A moment I cherish about the BBC is that defining hour, 6pm in newly liberated Bangladesh on 8 January 1972. Having tried out all the available radio channels on the small family transistor we had at home in Malibagh, Dhaka, I hoped the BBC would be able to give us some clue to where Bangabandhu Sheikh Mujibur Rahman was headed after he was freed by the Pakistan authorities. Since the morning, reports had circulated about Bangabandhu’s flight out of Pakistan. The details were not known.
At 6pm, on 8 January 1972, the lead news item on the BBC World Service was the first to let Bengalis and people around the world know of the whereabouts of Bangladesh’s leader. This is how the newsreader gave it to us: “The East Bengali political leader Sheikh Mujibur Rahman has arrived in London.” In Bangladesh, there was endless joy. For the very first time since the Pakistan army had launched its genocide and had flown Bangabandhu, as its prisoner, to imprisonment and trial in what was then West Pakistan, we knew our leader was safe.
The BBC had let us in on the beautiful discovery. Later that evening, on the BBC’s Bengali Service, we heard Bangabandhu address a crowded news conference at London’s Claridge’s Hotel. Many of us wept here at home when we heard his voice for the first time in nearly ten months.
My first experience of the BBC remains pretty sketchy. In September 1965, as the war between India and Pakistan went on, my uncle and his friend (who too were in Quetta in central government service) regularly tuned in to the BBC for news of the war front. There was an evening when, listening to a discussion on the war on the World Service, they broke into cheers.
It transpired that one of the discussants had something good to say about the Pakistani military. My uncle and his friend, proper Pakistanis at the time, were happy, in the belief that the discussant had projected a proper picture of reality. I was too young and naïve to understand anything.

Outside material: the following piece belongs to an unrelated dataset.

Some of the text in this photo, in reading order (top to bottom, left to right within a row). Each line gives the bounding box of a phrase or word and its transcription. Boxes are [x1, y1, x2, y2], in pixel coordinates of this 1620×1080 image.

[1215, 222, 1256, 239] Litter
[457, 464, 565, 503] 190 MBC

Here in Bangladesh, the BBC assumed critical importance in November 1975. Reports of the murder of the four Mujibnagar leaders in prison were flashed, especially by the Bengali Service, in early November. At a time when radio and television in the country went blank and large sections of the population had simply no idea of what was happening in the corridors of power, it was the BBC we turned to for news.

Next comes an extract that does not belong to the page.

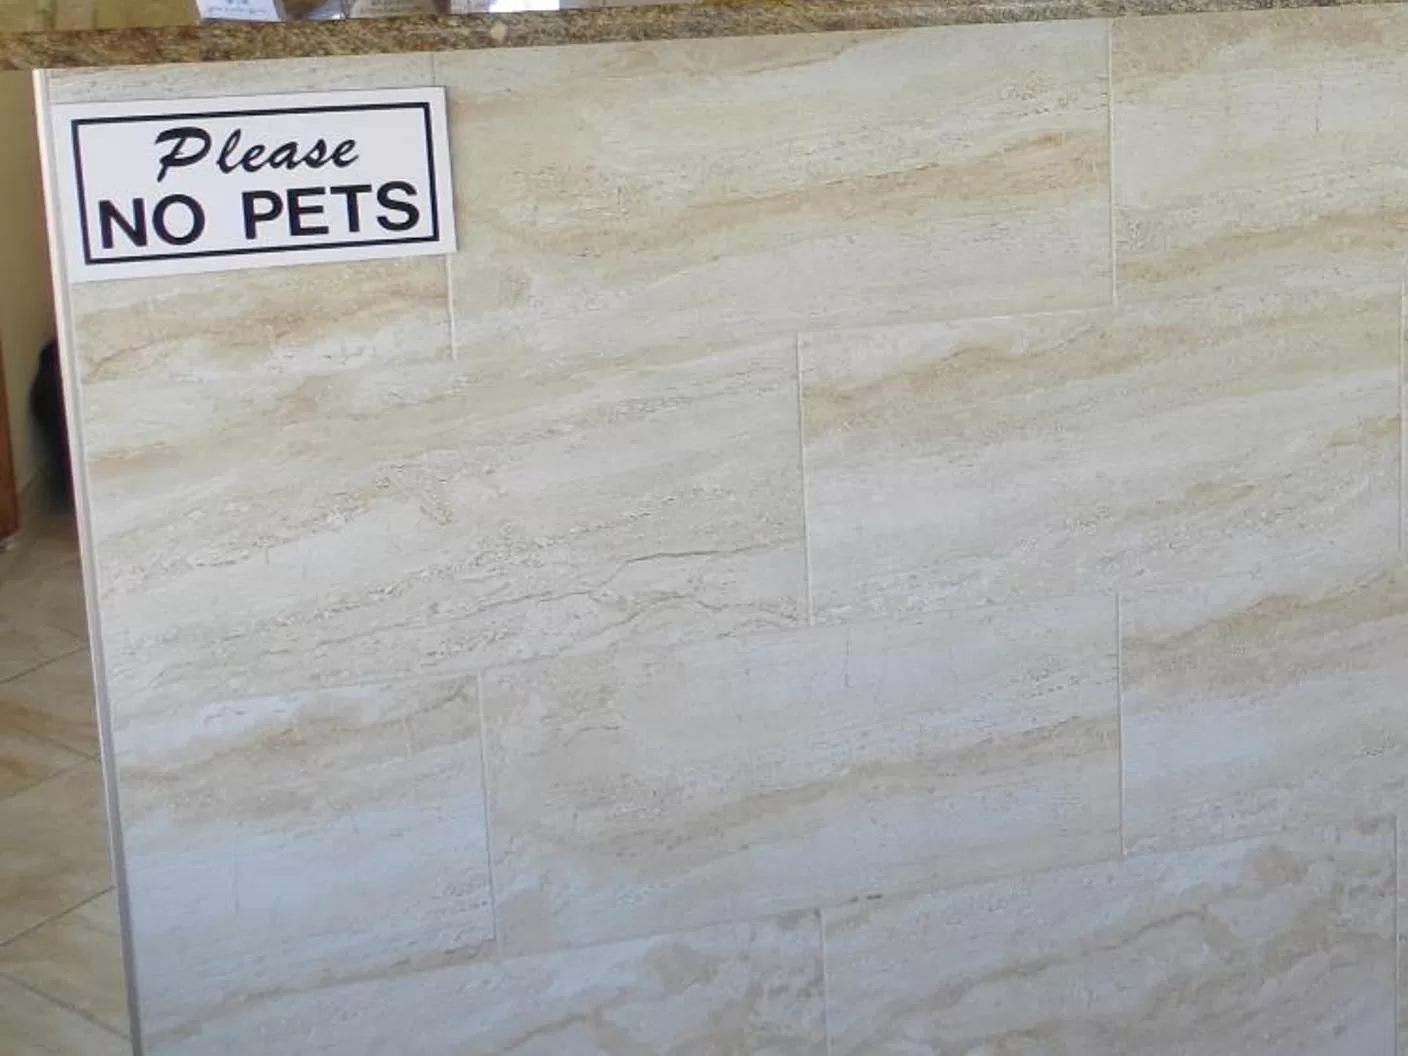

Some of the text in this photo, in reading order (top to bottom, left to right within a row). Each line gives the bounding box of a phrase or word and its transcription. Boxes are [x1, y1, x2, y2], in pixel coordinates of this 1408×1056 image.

The coup led by General Khaled Musharraf made it to the BBC headlines and so did the counter-coup organized by forces loyal to General Ziaur Rahman between 3 and 7 November. The BBC reported the deaths of Musharraf and his associates by Zia loyalists. On the BBC Urdu Service, I heard Nawab Akbar Bugti criticize an increasingly authoritarian Bhutto government.
On a personal level, I remain indebted to the BBC for facilitating an exchange of letters, in 1972, between my schoolmate in Quetta and me in Dhaka. It was a time when all communication between Pakistan and Bangladesh had snapped, obviously since it was early days since the end of the war.
I wrote to my friend and then, through a covering letter, posted the letter to BBC Bush House hoping against hope that someone there would be generous enough to mail it to my friend. Someone indeed did that, as I came to know from my friend, who wrote back to me in the same way.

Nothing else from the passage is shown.